Officer Rubert said that if he saw someone bleeding excessively or hunched over looking like they were in pain, he would normally notify medical to come immediately. If not, he would call them over the telephone and they would determine when they would come. He did not recall specifically the Plaintiff saying anything about getting a nurse or seeing a nurse (Tr. 103).

The next witness was IRC David Jenkins. He stated that he had worked at the Turney Center since 2001. An IRC has duties in both security and in "treatment." He counsels inmates, works with reclassification, and sits on the Protective Custody Board, Disciplinary Board, and the Grievance Board (Tr. 105-6). He testified that on November 1, 2010, he received a call from Officer McCarson to come to Delta pod. He came to Delta pod along with Officer Walters, and he saw the Plaintiff sitting on the floor about six to eight feet inside the pod door. He was sitting on the pod floor leaning against the wall and refusing to go back into his cell.

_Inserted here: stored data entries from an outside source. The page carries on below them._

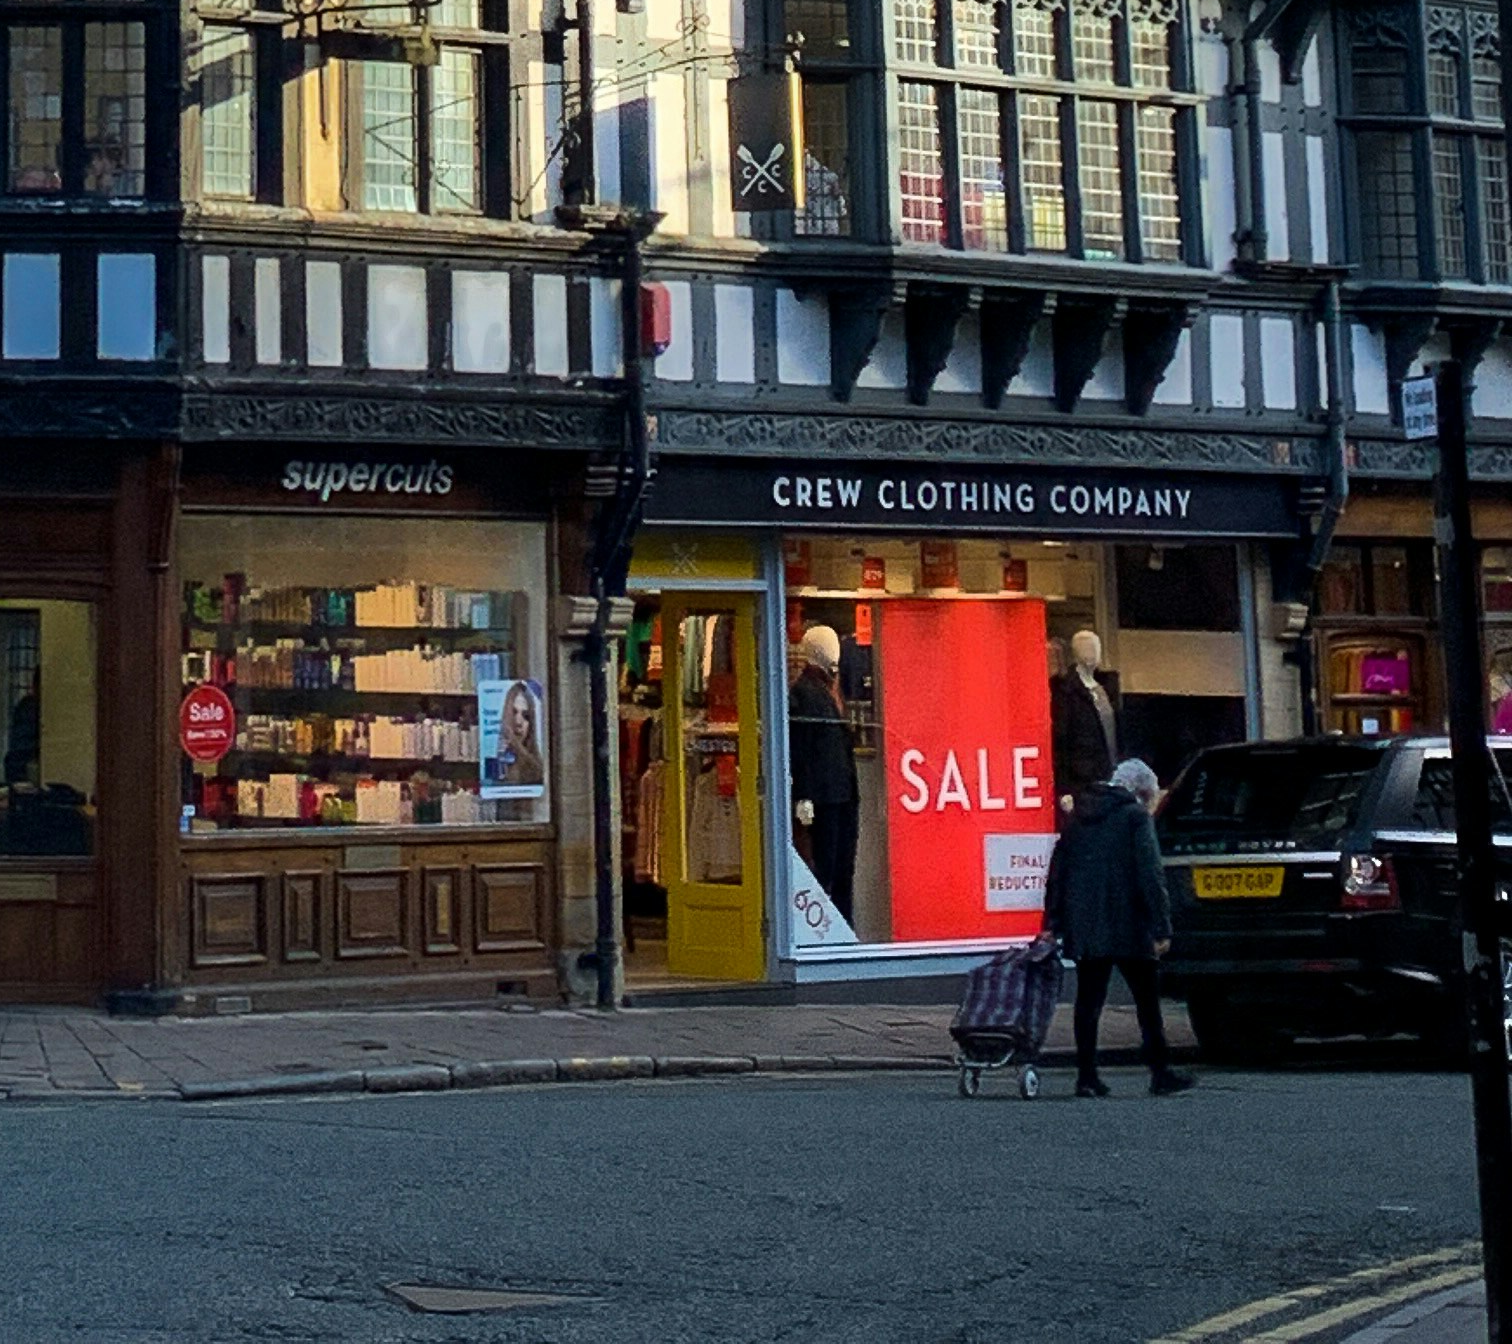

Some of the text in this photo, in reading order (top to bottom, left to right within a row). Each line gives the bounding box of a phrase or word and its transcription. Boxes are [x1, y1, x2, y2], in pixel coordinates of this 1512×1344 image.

[281, 459, 454, 502] supercuts
[772, 476, 1191, 519] CREW CLOTHING COMPANY
[189, 703, 225, 722] Sale
[899, 746, 1043, 813] SALE
[1010, 854, 1047, 869] FINAL
[989, 875, 1048, 890] REDUCTI
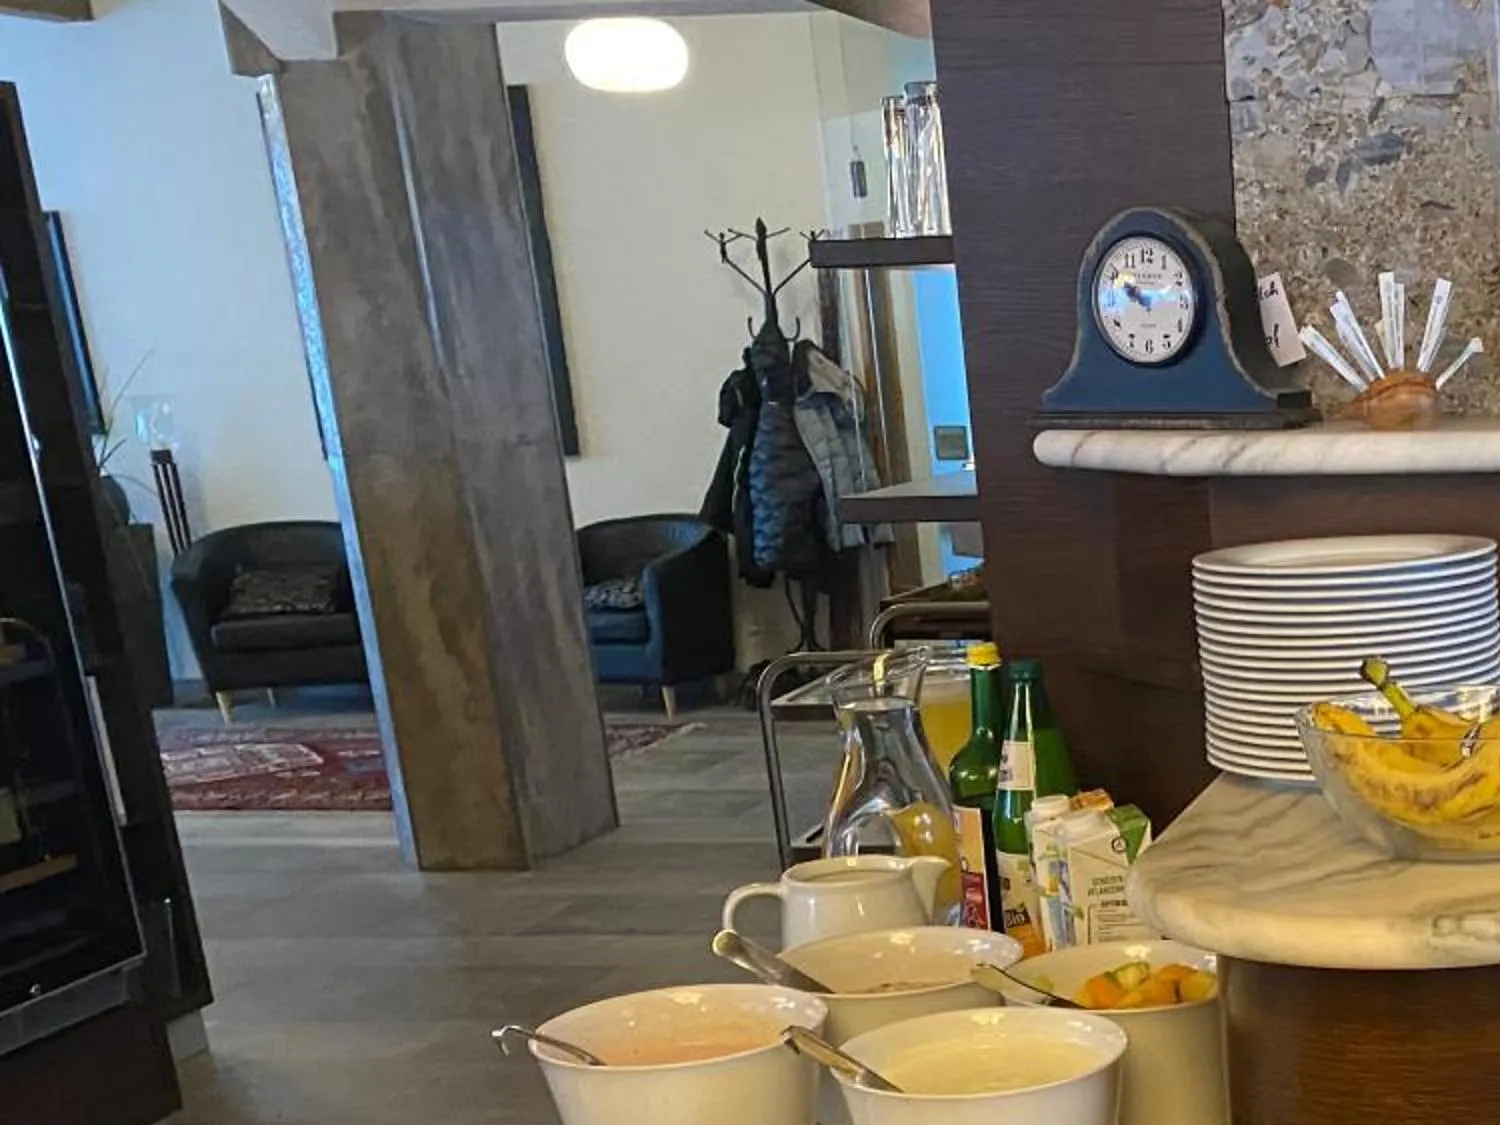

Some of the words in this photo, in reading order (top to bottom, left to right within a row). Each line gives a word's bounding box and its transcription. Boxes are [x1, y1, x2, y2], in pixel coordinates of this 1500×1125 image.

[1124, 252, 1136, 269] 11
[1141, 247, 1153, 264] 12
[1144, 339, 1154, 354] 6
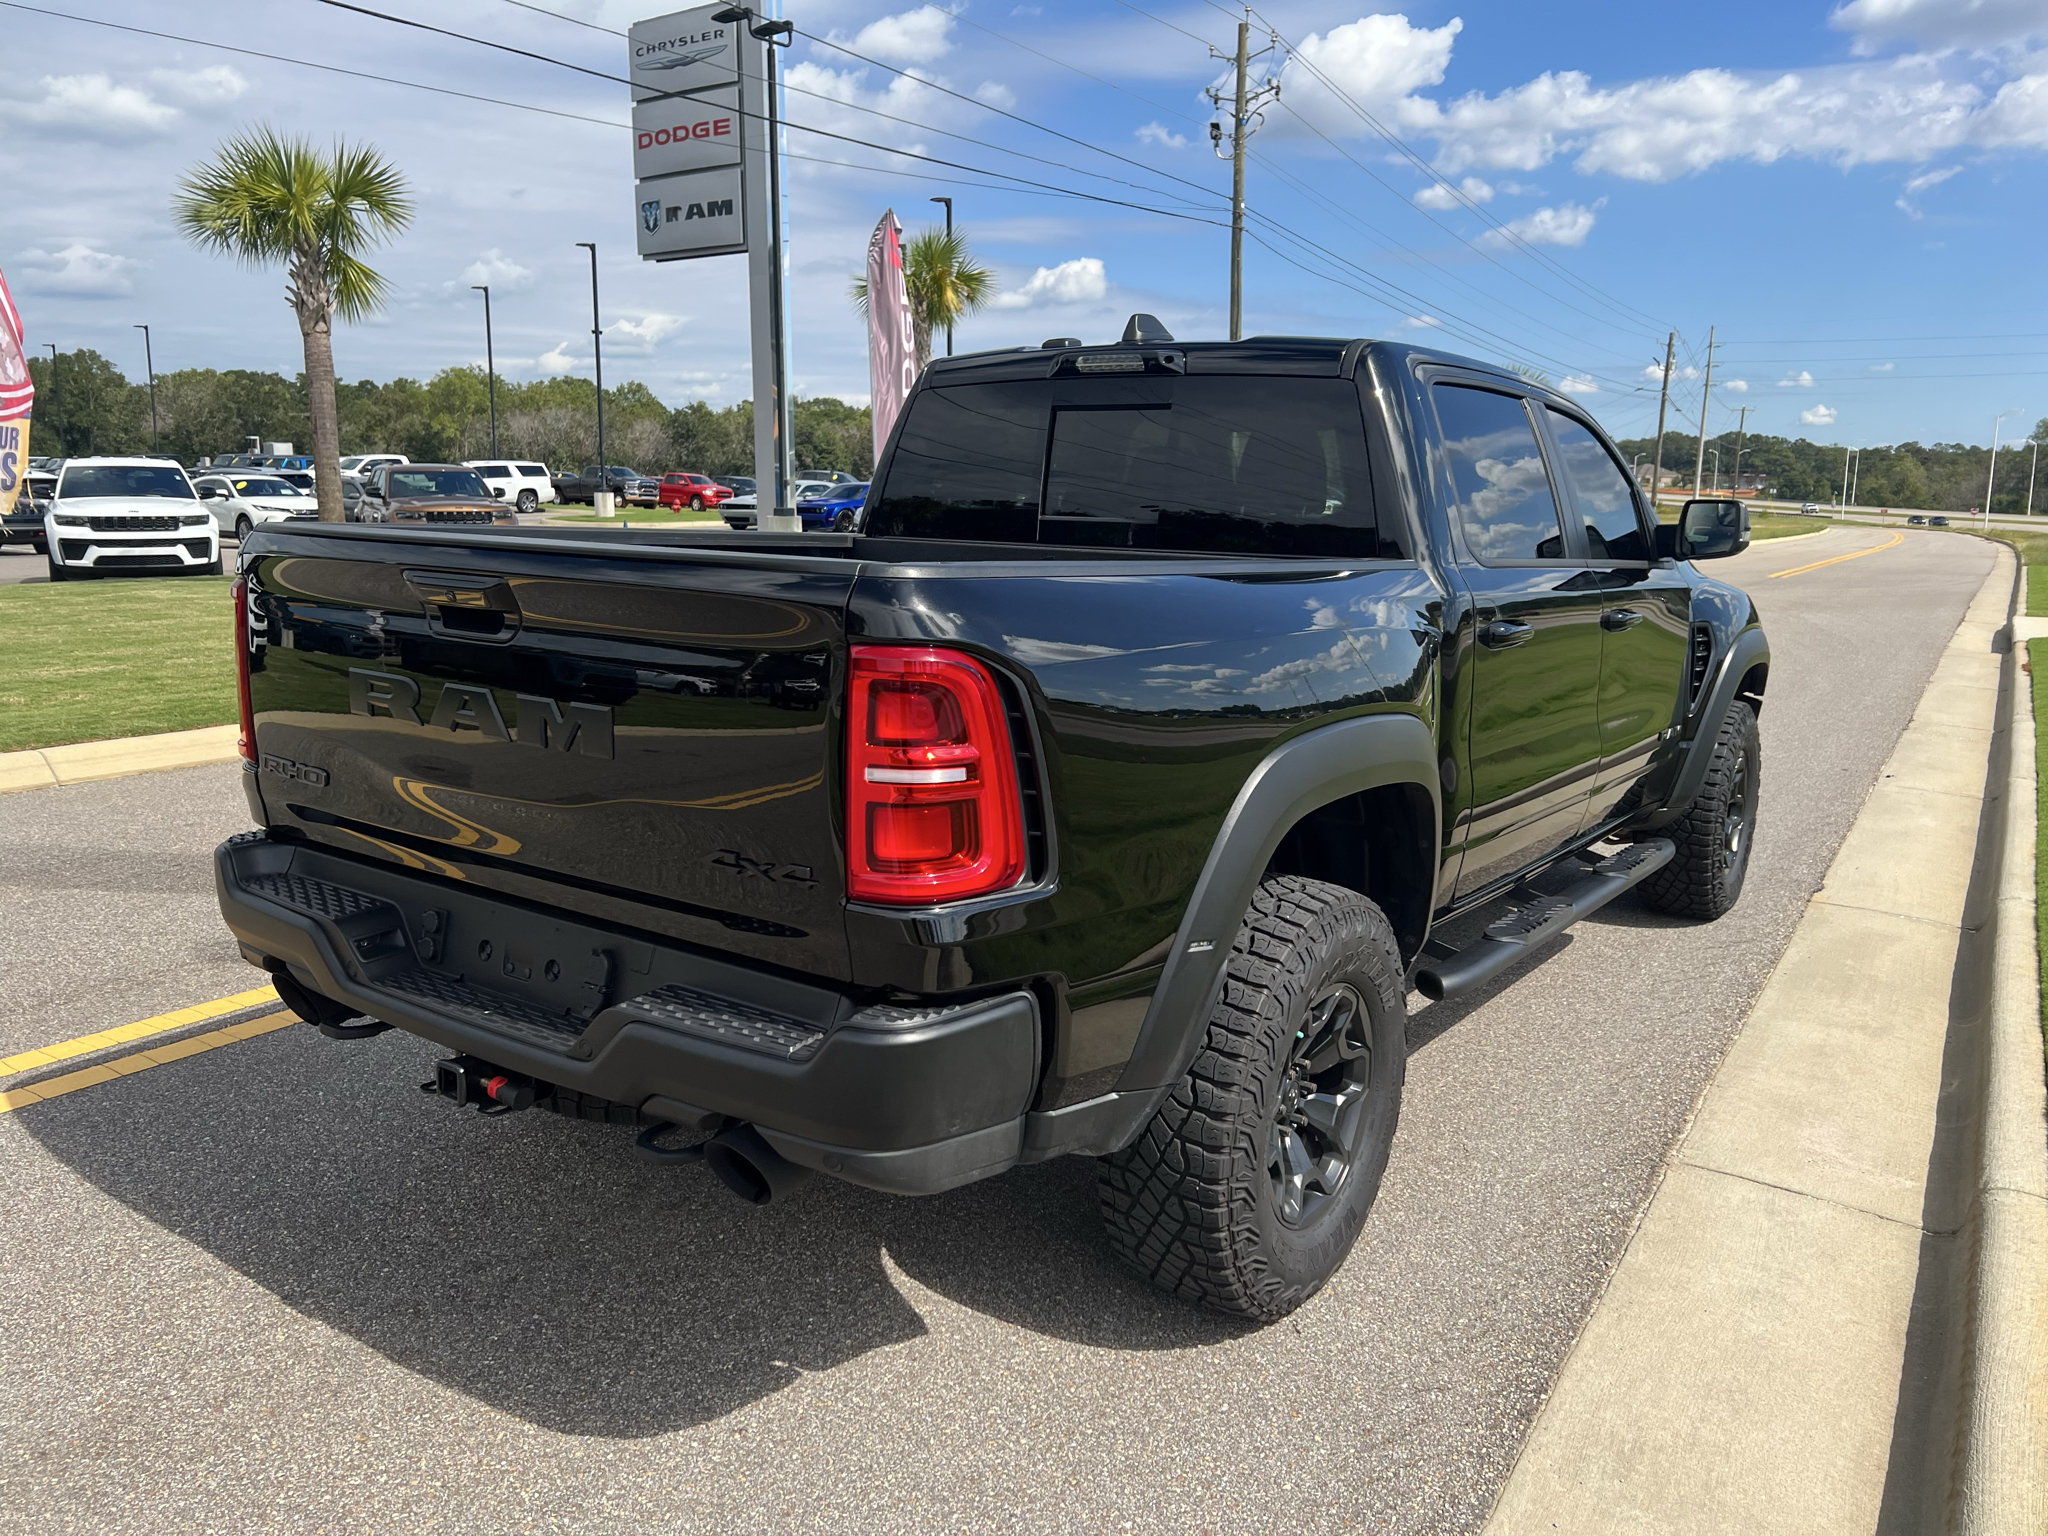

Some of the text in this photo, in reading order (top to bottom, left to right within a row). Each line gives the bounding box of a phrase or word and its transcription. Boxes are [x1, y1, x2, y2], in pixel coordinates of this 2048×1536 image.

When he asked him what the problem was, the Plaintiff stated that he wanted to go to the Disciplinary Board. IRC Jenkins knew that the Plaintiff had been removed from the Disciplinary Board hearing, and so he told the Plaintiff that the hearing was over. The Plaintiff then said he wanted to see a nurse. He told the Plaintiff to go back to his cell, that they could get a nurse up there. He said that he had already heard that the Plaintiff had been complaining with the nursing staff over getting his medications. He said that they found out later that the order for the medication had expired and it would not be renewed (Tr. 106-7).

After the Plaintiff refused his orders to return to the cell, he called for his supervisor, Sergeant Dickson. When Sergeant Dickson arrived, he repeated the orders for the Plaintiff to go to his cell two or three times. However, the Plaintiff just lay on the floor and said he was not going. The Plaintiff was specifically told that if he did not go in they were going to have to put him in, and he still refused.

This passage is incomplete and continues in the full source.